ANCR regulates a global gene expression program associated with epidermal differentiation. (A) Increased mRNA expression of early and late differentiation genes in ANCR-depleted progenitor keratinocytes in cultured keratinocytes versus control siRNAs, as shown by qPCR analysis. (B) Heat map depicting transcript profiling of independent biologic replicate progenitor keratinocytes with siRNA-mediated ANCR depletion (ANCRi) versus control siRNA (CONTROLi). Expression changes for each probe are normalized to a mean-centered signal across all samples. (C) Gene ontology terms significantly enriched in the ANCR-depleted gene set. (D) Gene set enrichment analysis (GSEA) shows highly statistically significant overlap of the ANCRi gene set with a calcium-induced keratinocyte differentiation gene signature published previously (Sen et al. 2010). (E) Gene set overlap of ANCRi gene set with published gene signatures from loss of key transcription factors that are dysregulated by ANCR depletion. Black bars indicate significantly differentially expressed genes in the gene set. The 1000 genes total between these four gene sets are compared with each other as well as with the keratinocyte differentiation signature.

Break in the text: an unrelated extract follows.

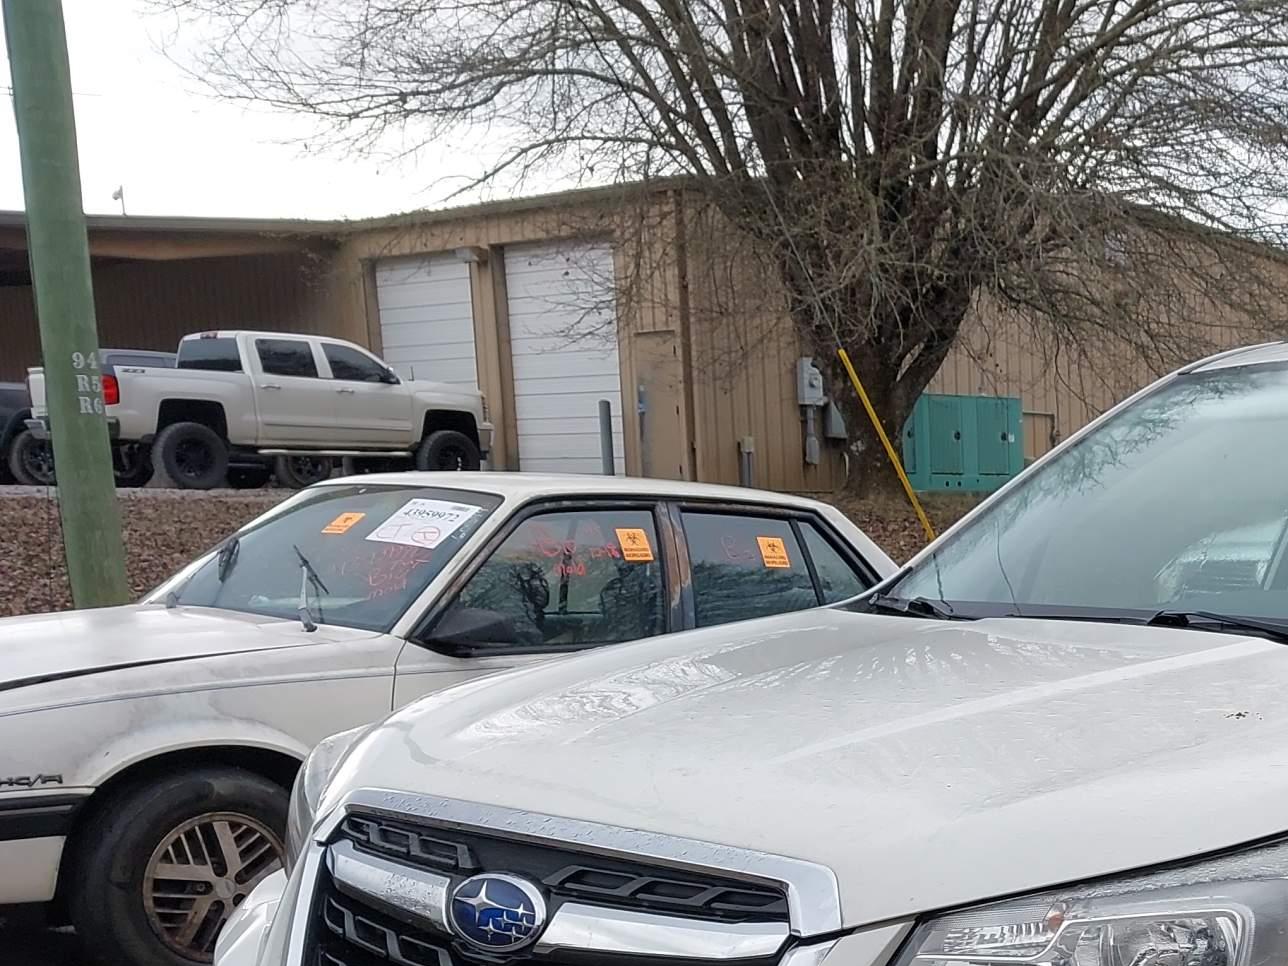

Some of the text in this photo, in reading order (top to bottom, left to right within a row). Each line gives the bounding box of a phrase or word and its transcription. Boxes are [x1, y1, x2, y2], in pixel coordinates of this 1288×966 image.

The total number of genes in each gene signature falling within the 1000-gene set is listed to the right of each row.

Figure 4.

ANCR depletion induces ectopic differentiation in the epidermal progenitor compartment. (A) Increased differentiation gene mRNA expression as a function of ANCR depletion, as shown by qPCR analysis from whole-tissue RNA extracts. (B) Ectopic expression of epidermal differentiation proteins in the epidermal basal and lower spinous layers in ANCR-depleted regenerating organotypic human epidermis (ANCRi) using ANCR-specific versus scrambled control shRNA constructs (CONTROLi). Differentiation proteins detected by immunofluorescence (orange), basement membrane collagen VII (green)], and nuclear Hoechst 33342 (blue). Bar, 50 μm.